* [What you need to do]:
Copy the data exactly; pictures stay out of the copy.

* [Records from a dataset]:
==*==

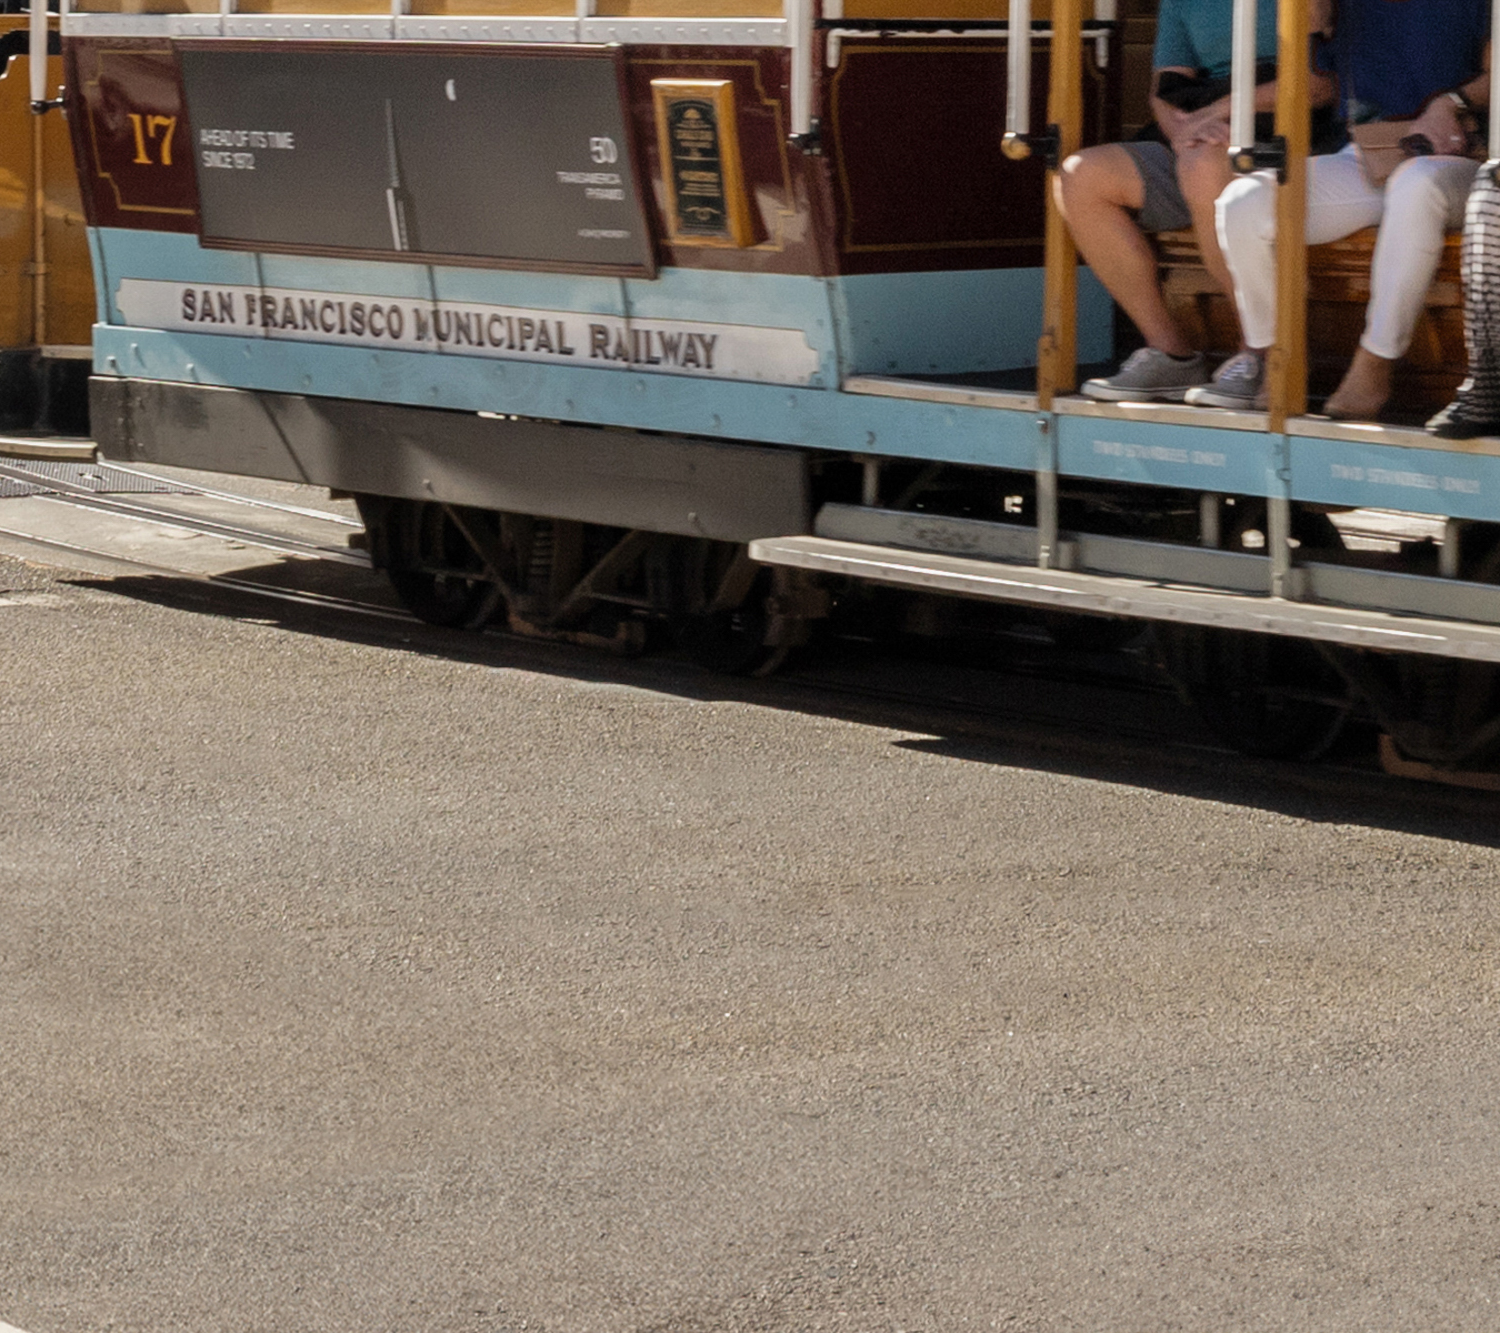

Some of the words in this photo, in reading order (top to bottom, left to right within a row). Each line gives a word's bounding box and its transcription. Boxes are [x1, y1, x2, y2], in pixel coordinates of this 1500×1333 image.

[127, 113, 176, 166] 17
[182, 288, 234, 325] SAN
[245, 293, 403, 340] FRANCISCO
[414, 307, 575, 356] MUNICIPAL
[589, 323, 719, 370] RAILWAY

==*==

* [Your solution]:
Some of the words in this photo, in reading order (top to bottom, left to right within a row). Each line gives a word's bounding box and its transcription. Boxes are [x1, y1, x2, y2], in pixel coordinates of this 1500×1333 image.

[127, 113, 176, 166] 17
[182, 288, 234, 325] SAN
[245, 293, 403, 340] FRANCISCO
[414, 307, 575, 356] MUNICIPAL
[589, 323, 719, 370] RAILWAY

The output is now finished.